Il était précisé dans l'acte que la parcelle cadastrée section AI n°[Cadastre 7] provenait de la division de la parcelle cadastrée AI n°[Cadastre 4] lieu-dit « [Adresse 2] » en deux nouvelles parcelles cadastrées AI n°[Cadastre 7], même lieu-dit, objet de la vente, et section AI n°[Cadastre 8], même lieu-dit, restant appartenir aux vendeurs.

Par acte en date du 30 novembre 2012, Monsieur [F] [C] et Madame [U] [W] épouse [C] (les époux [C]) ont fait assigner les époux [P] devant le tribunal de grande instance de Charleville-Mézières, pour réclamer en dernier lieu de :

- constater l'état d'enclave de la parcelle sise à [Adresse 10] section AI n°[Cadastre 8] ;

- dire que le chemin de désenclavement serait établi sur la parcelle appartenant aux époux [P] cadastrée AI n° [Cadastre 7] ;

- désigner tel expert qu'il plairait au tribunal aux fins de définir le tracé de la servitude de passage leur permettant d'emprunter un véhicule terrestre à moteur ;

- condamner solidairement les époux [P] aux entiers dépens avec distraction au profit de leur conseil, et à leur payer la somme de 1500 euros au titre des frais irrépétibles.

En dernier lieu, les époux [P] ont demandé de :

- constater que la parcelle cadastrée AI n°[Cadastre 8] n'était pas enclavée et qu'il n'y avait pas lieu à servitude de passage sur la parcelle cadastrée AI n°[Cadastre 8] leur appartenant;

- dire n'y avoir lieu à expertise;

- débouté les demandeurs de leurs prétentions;

- condamner solidairement les demandeurs aux entiers dépens avec distraction au profit leur conseil, et à leur payer la somme de 2000 euros au titre des frais irrépétibles.
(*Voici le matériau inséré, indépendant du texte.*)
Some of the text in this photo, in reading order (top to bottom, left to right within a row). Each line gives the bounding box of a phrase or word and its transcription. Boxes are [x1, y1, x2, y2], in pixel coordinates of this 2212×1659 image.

Par jugement contradictoire en date du 20 février 2015, le tribunal de grande instance de Charleville-Mézières a :

- débouté Monsieur [C] et Madame [U] [W] de l'ensemble de leurs prétentions ;

- condamné in solidum Monsieur [C] et Madame [U] [W] aux entiers dépens avec distraction au profit du conseil des époux [P], ainsi qu'à payer à ces derniers la somme de 1000 euros au titre des frais irrépétibles.

Le 2 avril 2015, les époux [C] ont relevé appel de ce jugement.
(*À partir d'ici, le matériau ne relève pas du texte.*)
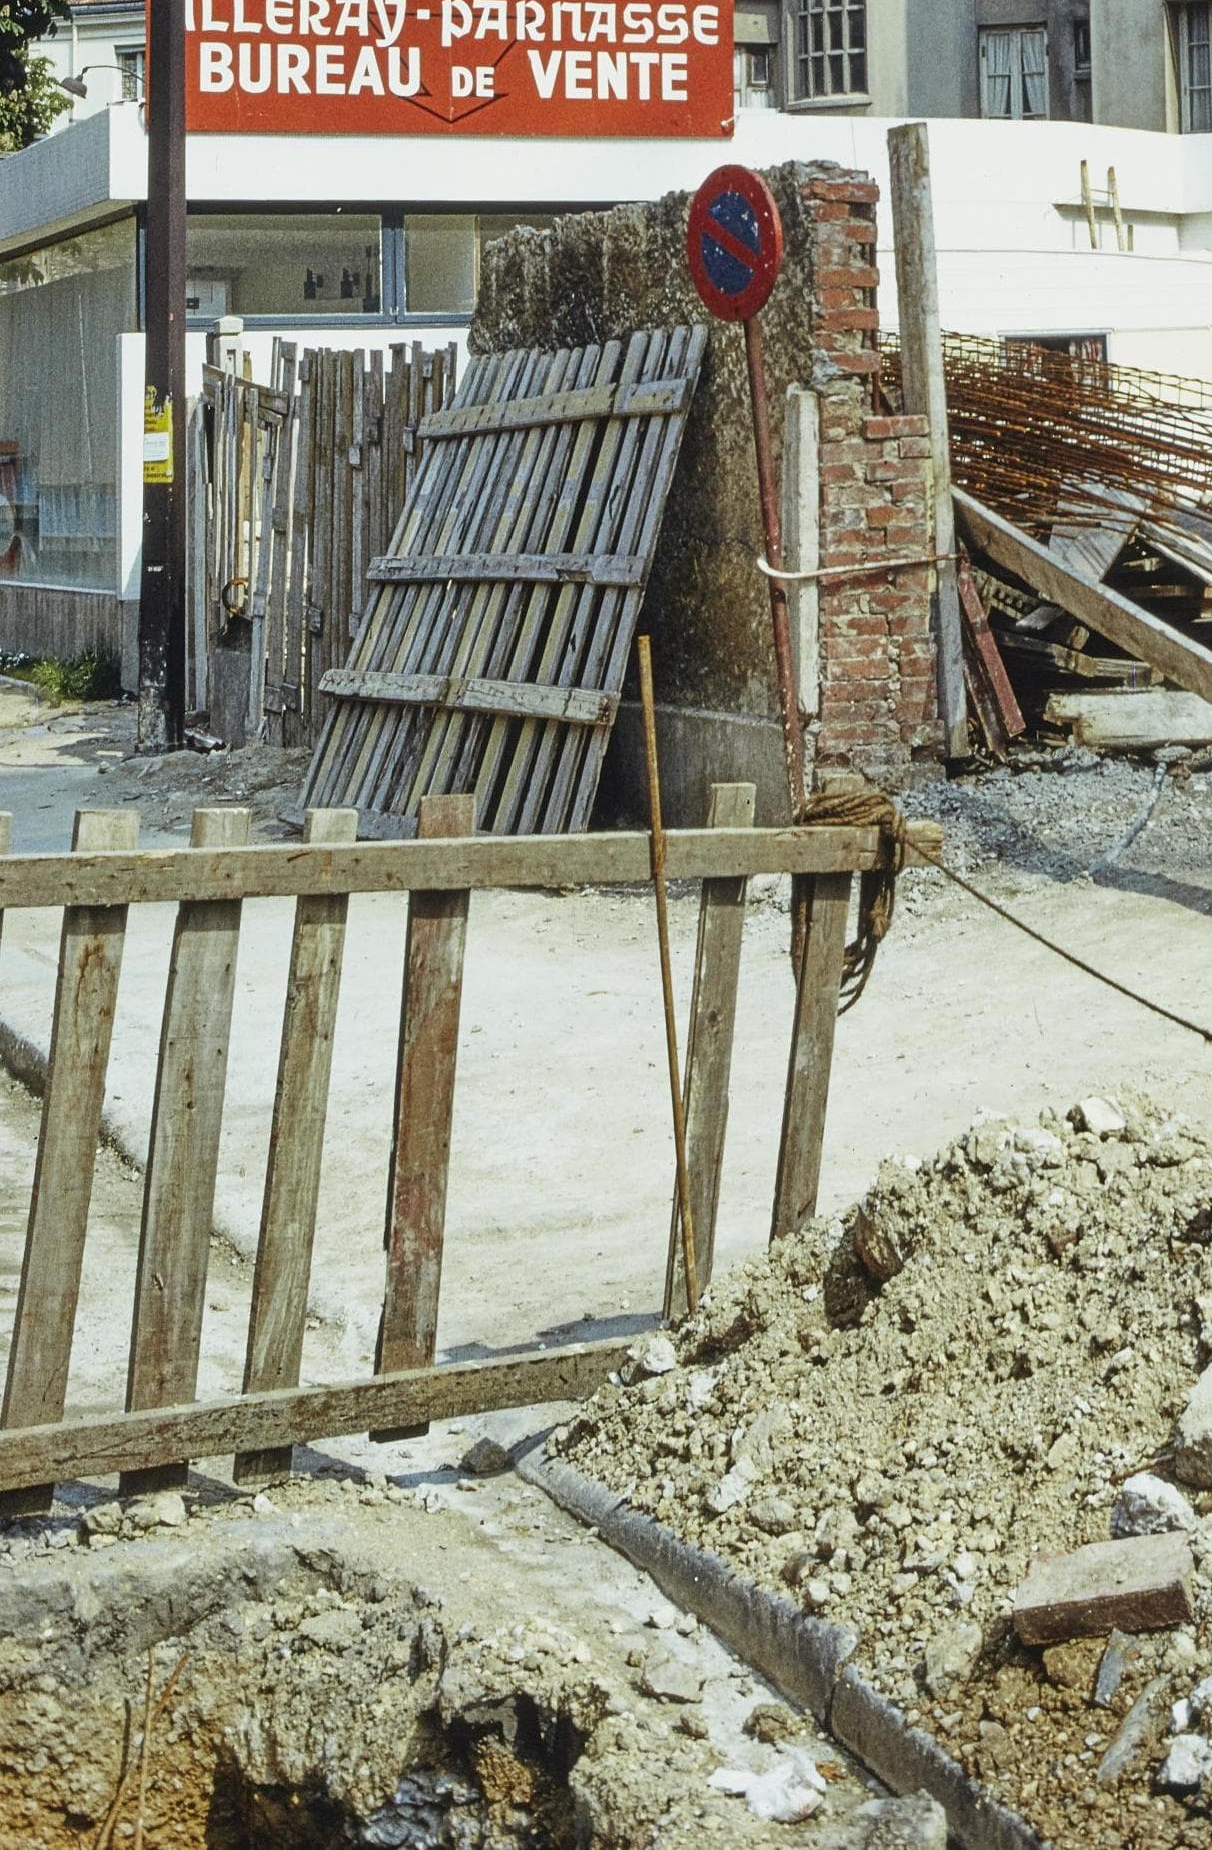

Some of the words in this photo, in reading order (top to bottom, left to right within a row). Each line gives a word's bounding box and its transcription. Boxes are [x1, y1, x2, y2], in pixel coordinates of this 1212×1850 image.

[199, 41, 421, 98] BUREAU
[451, 65, 495, 97] DE
[527, 50, 688, 101] VENTE
Par acte en date du 26 juin 2015, les époux [P] ont vendu à Monsieur [S] [N] et à Madame [O] [Z] (les consorts [N]-[Z]) leur propriété sise [Adresse 2], comprenant les parcelles cadastrées AI n° [Cadastre 6] et [Cadastre 7].
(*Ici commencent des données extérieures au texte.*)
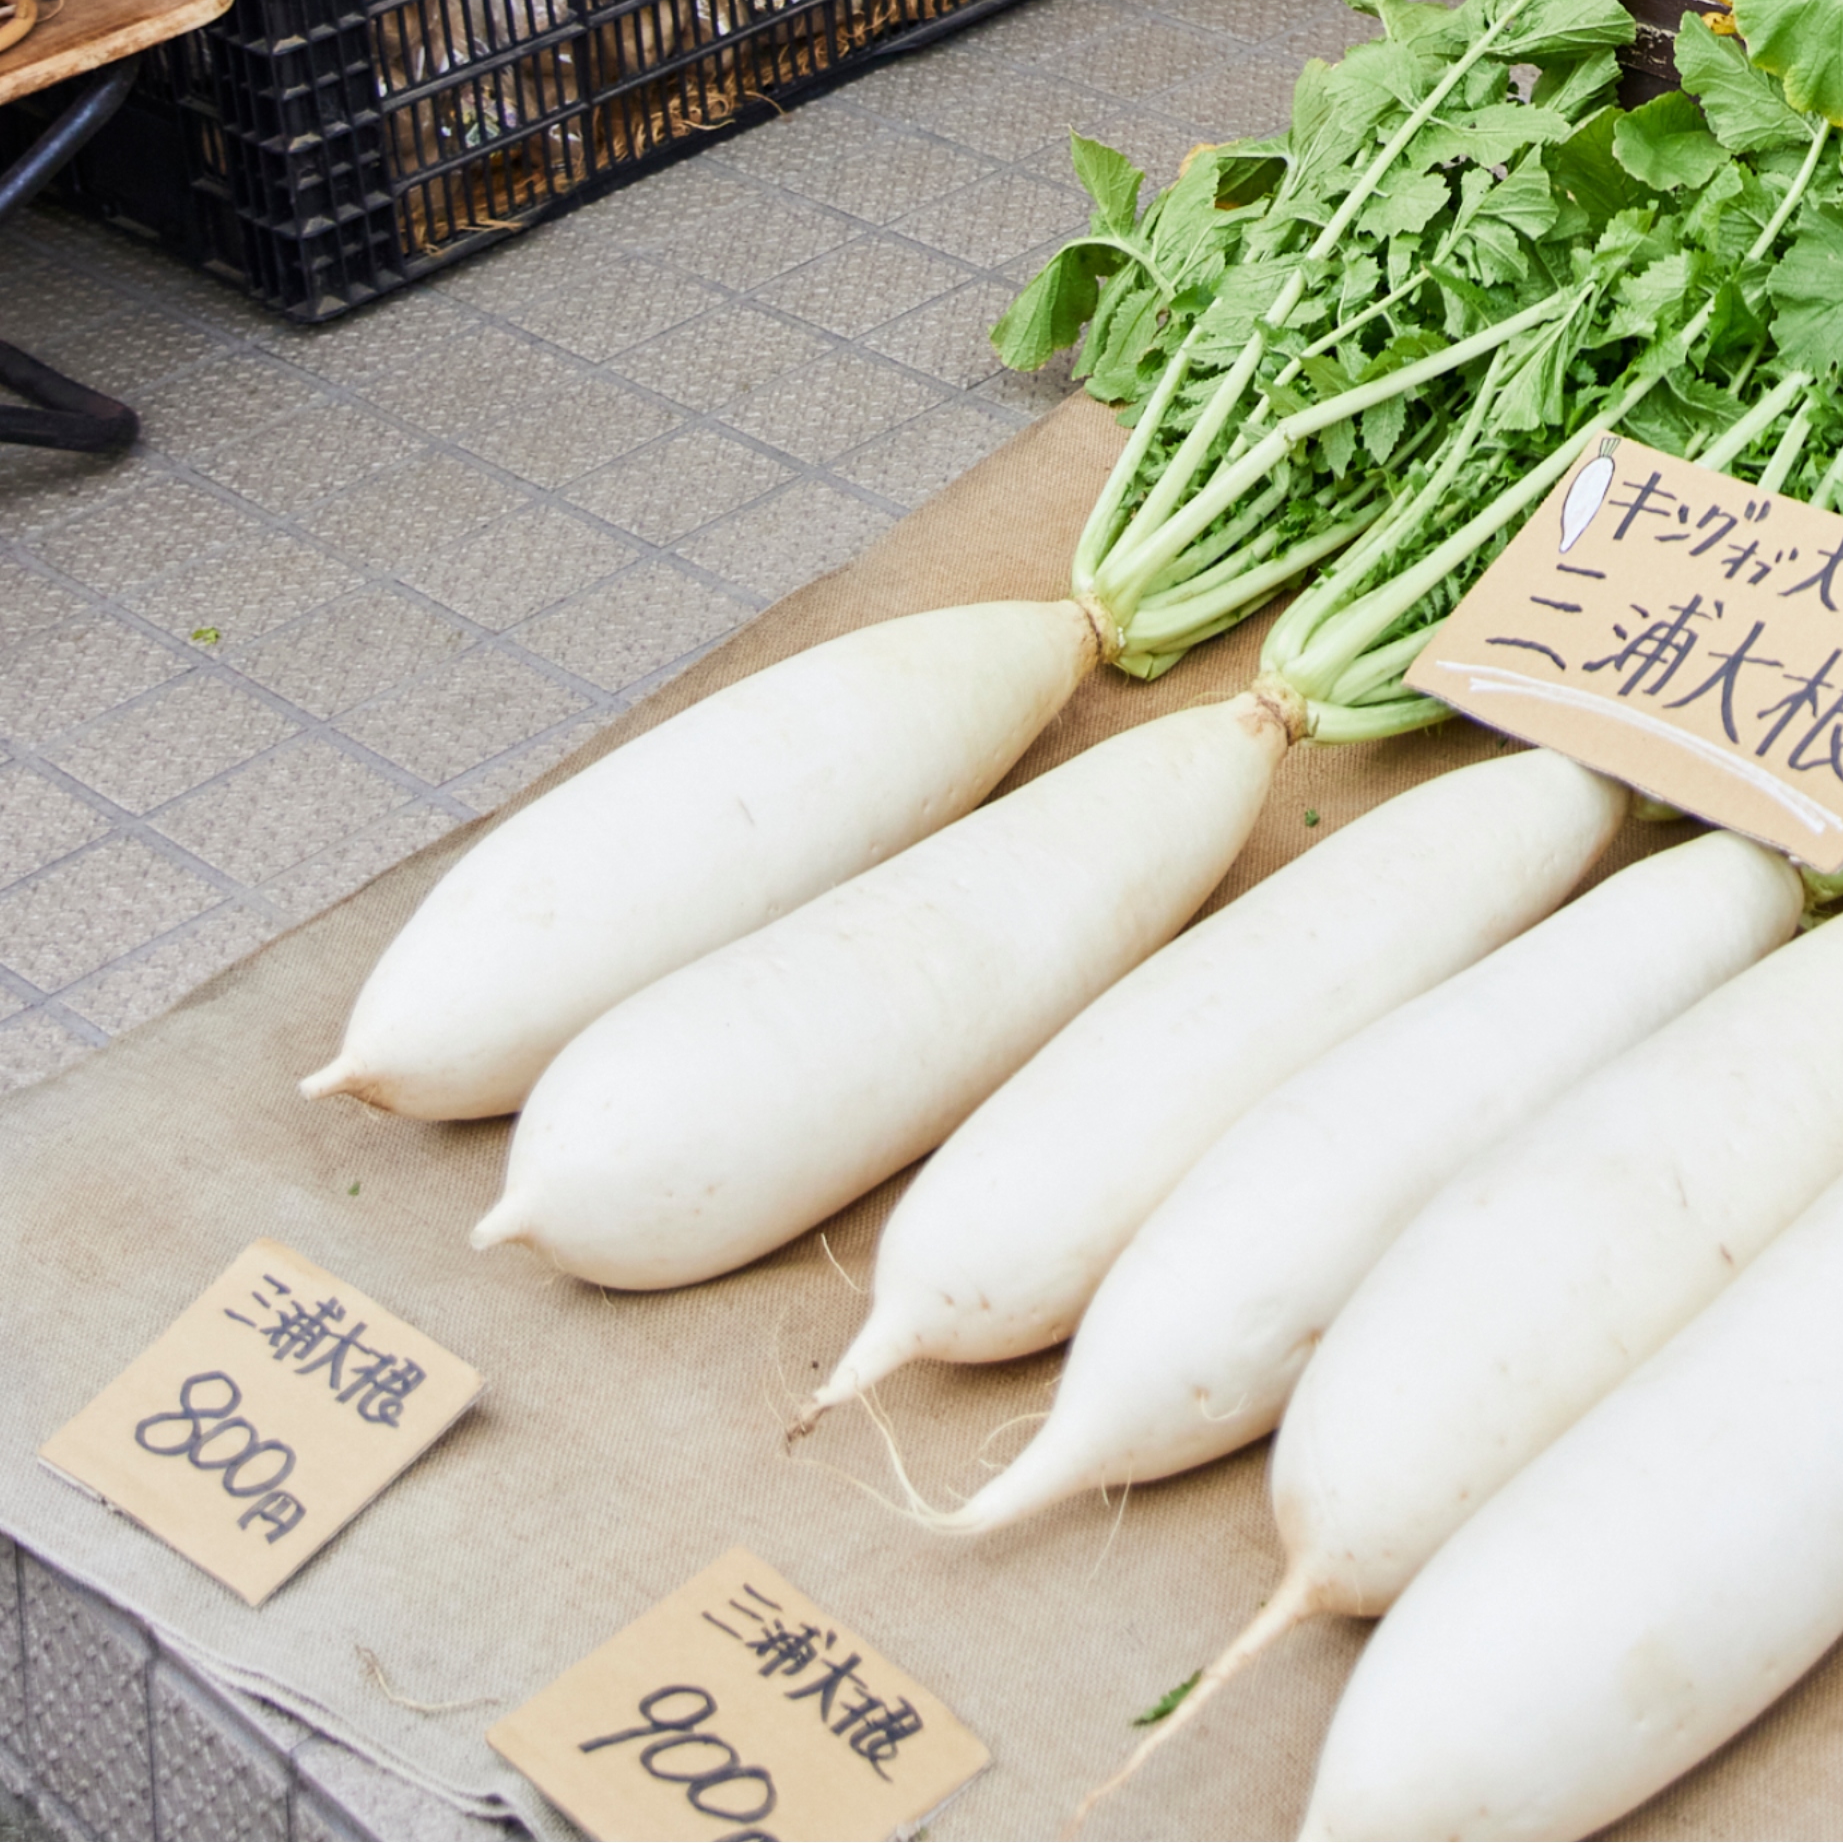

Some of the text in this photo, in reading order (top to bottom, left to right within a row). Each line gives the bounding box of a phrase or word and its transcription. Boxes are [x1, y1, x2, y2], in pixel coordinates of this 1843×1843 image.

[223, 1273, 427, 1428] 三浦大根
[134, 1370, 307, 1545] 800円
[578, 1684, 778, 1843] 900
[701, 1582, 924, 1784] 三浦大根
Le 6 avril 2016, les époux [C] ont fait assigner les consorts [N]-[Z] en intervention forcée.

Le 25 avril 2017, a été ordonné la clôture de l'instruction de l'affaire.

Par arrêt contradictoire en date du 27 juin 2017, la cour d'appel de céans, statuant avant dire droit, a :

- ordonné la révocation de l'ordonnance de clôture et la réouverture des débats ;

- fait injonction à la partie la plus diligente de produire aux débats une copie en couleur certifiée conforme par le notaire rédacteur de l'original de l'acte de vente du 2 mai 1996 par les consorts [W] aux époux [P] avec la copie en couleur du plan annexé à l'acte portant mention coloriée en rouge de la servitude existante sur le terrain vendu ;

- invité également les parties à formuler, si elles l'estimassent utile, des observations éventuellement à produire des pièces sur les modalités autorisées de circulation des propriétaires fonciers sur le chemin communal de la réserve nationale de la pointe de [Localité 9] se trouvant sur la commune de [Localité 1] ;

- renvoyé l'affaire l'audience de mise en état du 20 septembre 2017 ;

- réservé les dépens les demandes des parties.

Le 20 septembre 2017, les époux [C] ont produit :

- une copie en couleur certifiée conforme par le notaire de l'acte de vente du 2 mai 1996 avec la copie couleur du plan annexé à l'acte portant mention en rouge de la servitude existante sur le terrain vendu ;

- une attestation du conservateur de la réserve naturelle nationale de la pointe de [Localité 9] du 19 juillet 2017 avec, en annexe la copie du décret de création de la réserve et un plan géoportail ;

- le certificat du maire de [Localité 1] établi le 12 octobre 2000 et le 18 juillet 2017.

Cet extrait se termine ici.